Records from a data source:
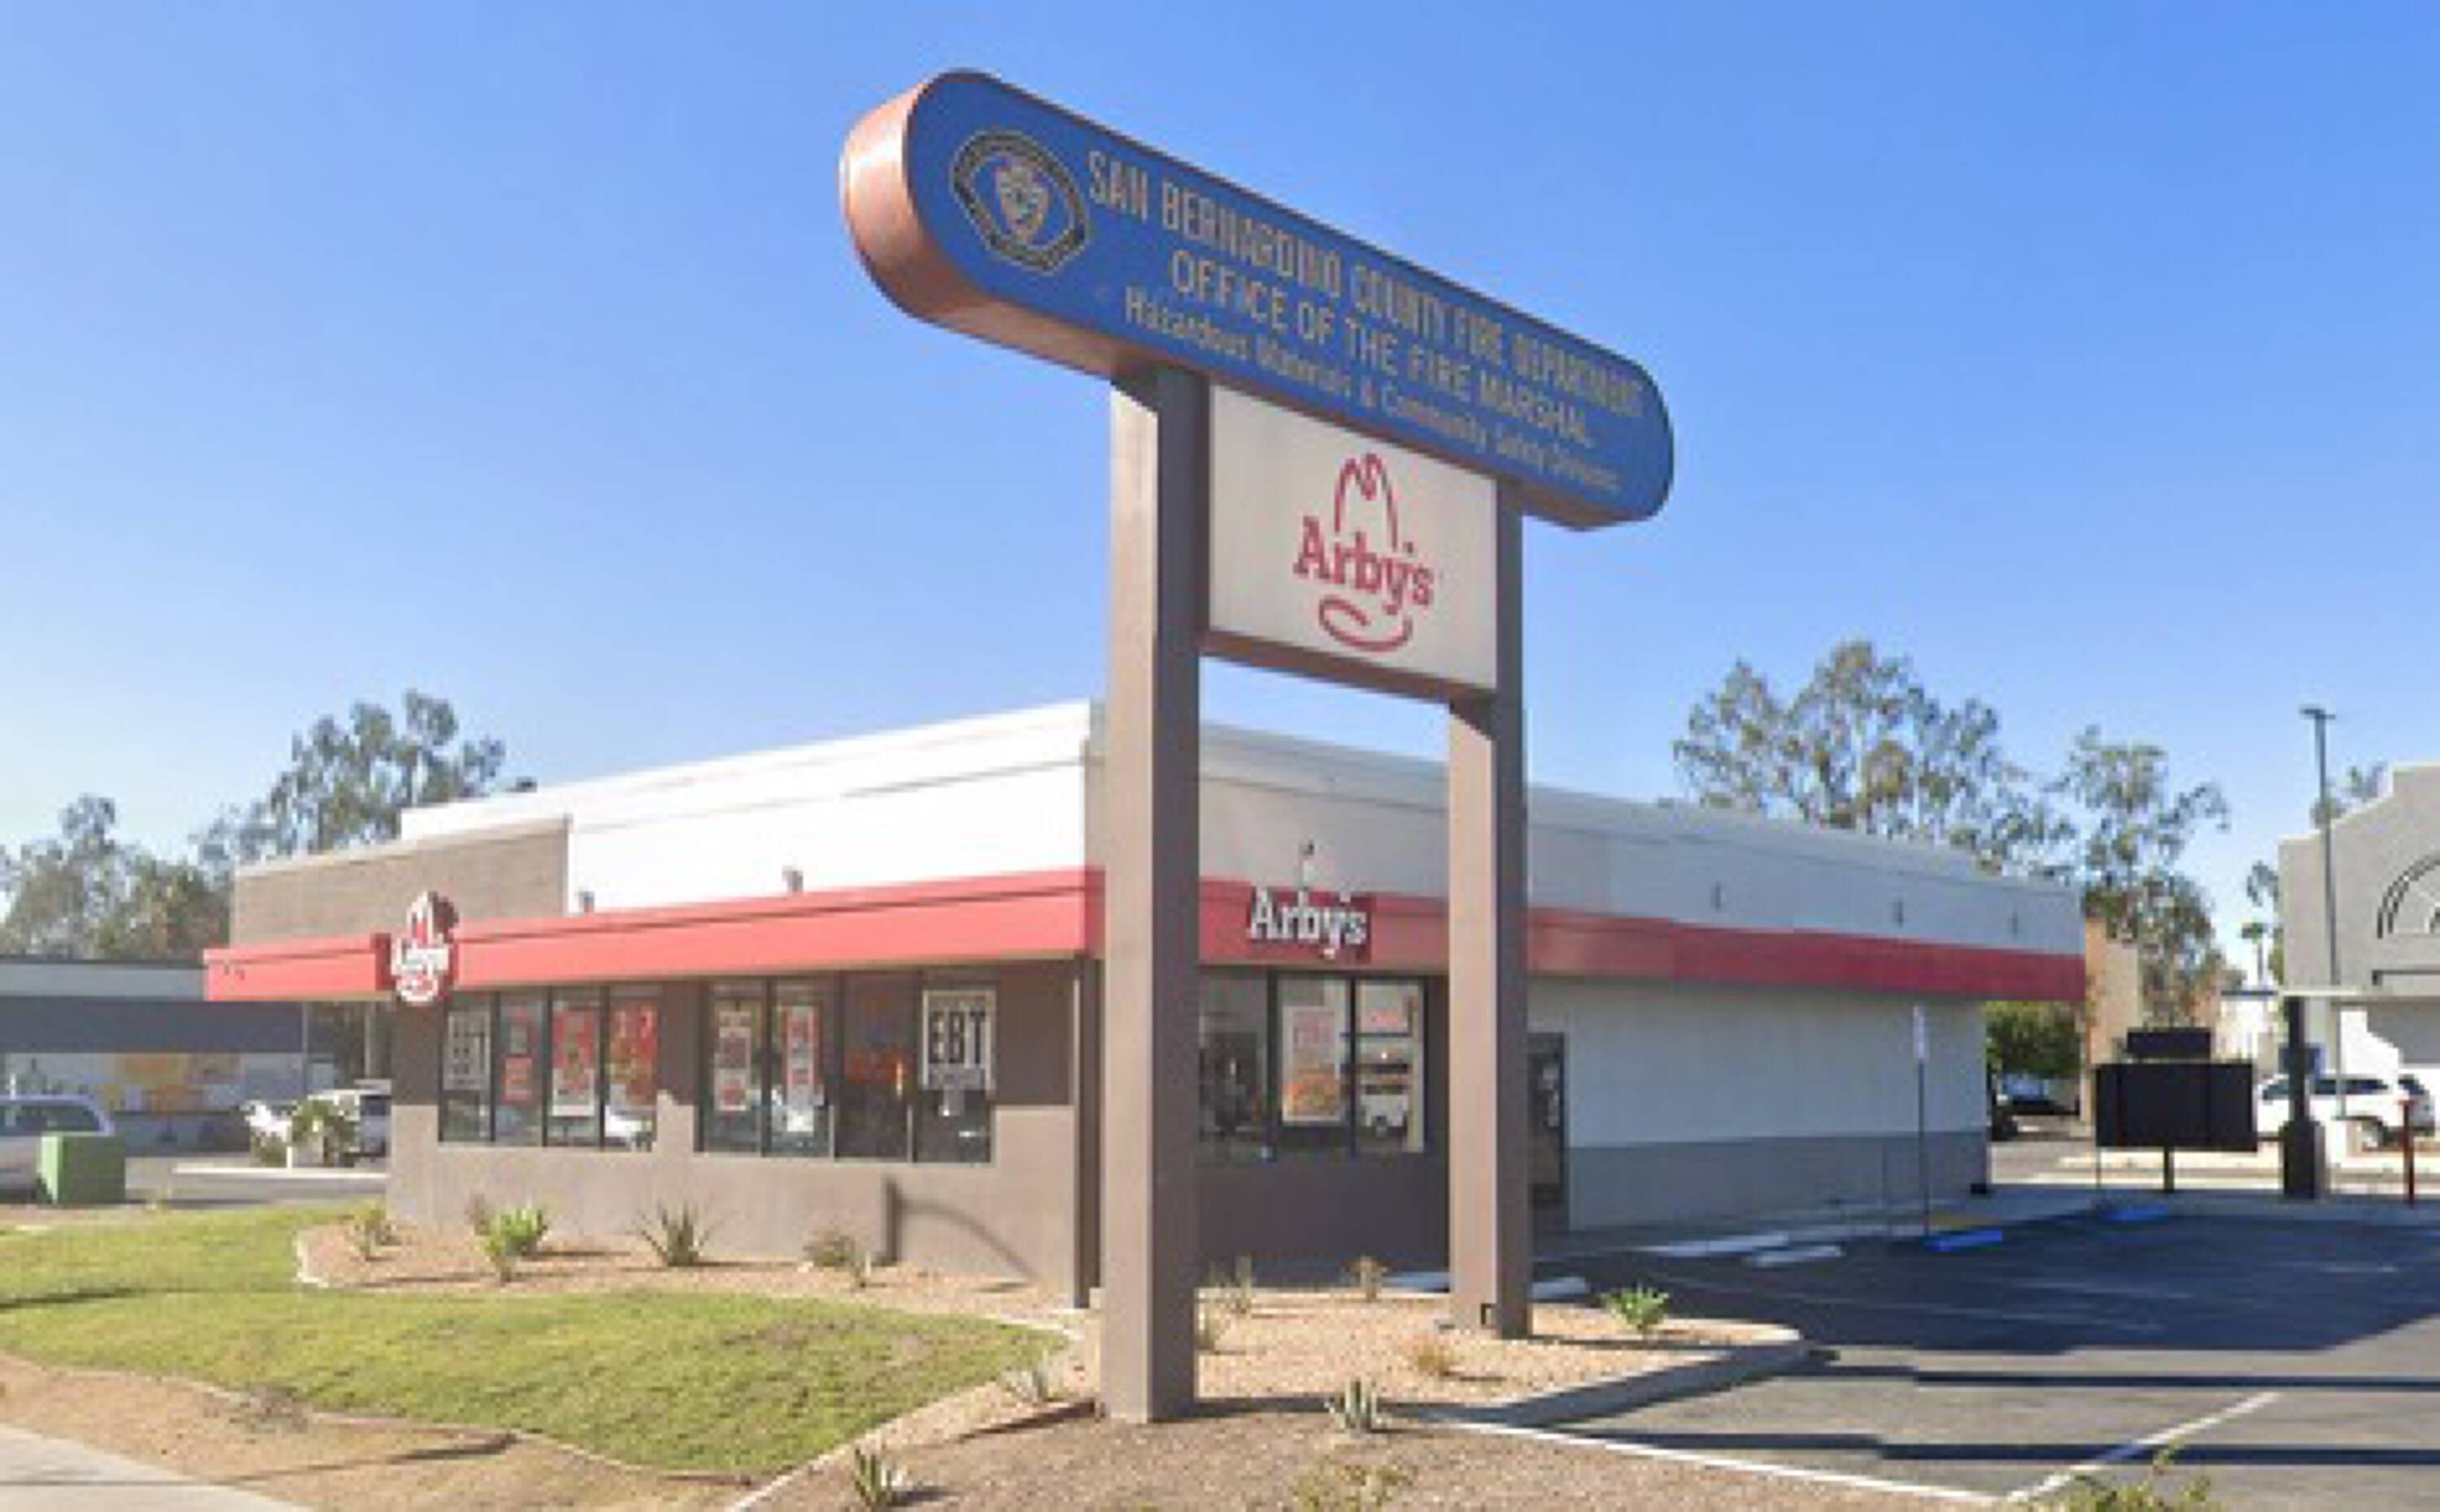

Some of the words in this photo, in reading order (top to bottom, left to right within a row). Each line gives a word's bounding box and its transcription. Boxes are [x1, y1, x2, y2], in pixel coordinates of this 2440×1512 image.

[1086, 149, 1149, 223] SAN
[1161, 181, 1341, 300] BERNARDINO
[1349, 262, 1448, 346] COUNTY
[1452, 304, 1504, 366] FIRE
[1510, 331, 1644, 418] DEPARTMENT
[1170, 249, 1288, 335] OFFICE
[1296, 298, 1335, 346] OF
[1344, 316, 1399, 378] THE
[1409, 342, 1471, 403] FIRE
[1477, 369, 1595, 449] MARSHAL
[1125, 285, 1250, 364] Hazardous
[1257, 333, 1351, 400] Materials
[1382, 379, 1488, 454] Community
[1293, 515, 1434, 615] Arby's
[1249, 889, 1368, 959] Arby's
[928, 1009, 986, 1065] EBT

_Directions for this task_
Leave every image out and retype the entries above word for word.

_Expected answer_
Some of the words in this photo, in reading order (top to bottom, left to right within a row). Each line gives a word's bounding box and its transcription. Boxes are [x1, y1, x2, y2], in pixel coordinates of this 2440×1512 image.

[1086, 149, 1149, 223] SAN
[1161, 181, 1341, 300] BERNARDINO
[1349, 262, 1448, 346] COUNTY
[1452, 304, 1504, 366] FIRE
[1510, 331, 1644, 418] DEPARTMENT
[1170, 249, 1288, 335] OFFICE
[1296, 298, 1335, 346] OF
[1344, 316, 1399, 378] THE
[1409, 342, 1471, 403] FIRE
[1477, 369, 1595, 449] MARSHAL
[1125, 285, 1250, 364] Hazardous
[1257, 333, 1351, 400] Materials
[1382, 379, 1488, 454] Community
[1293, 515, 1434, 615] Arby's
[1249, 889, 1368, 959] Arby's
[928, 1009, 986, 1065] EBT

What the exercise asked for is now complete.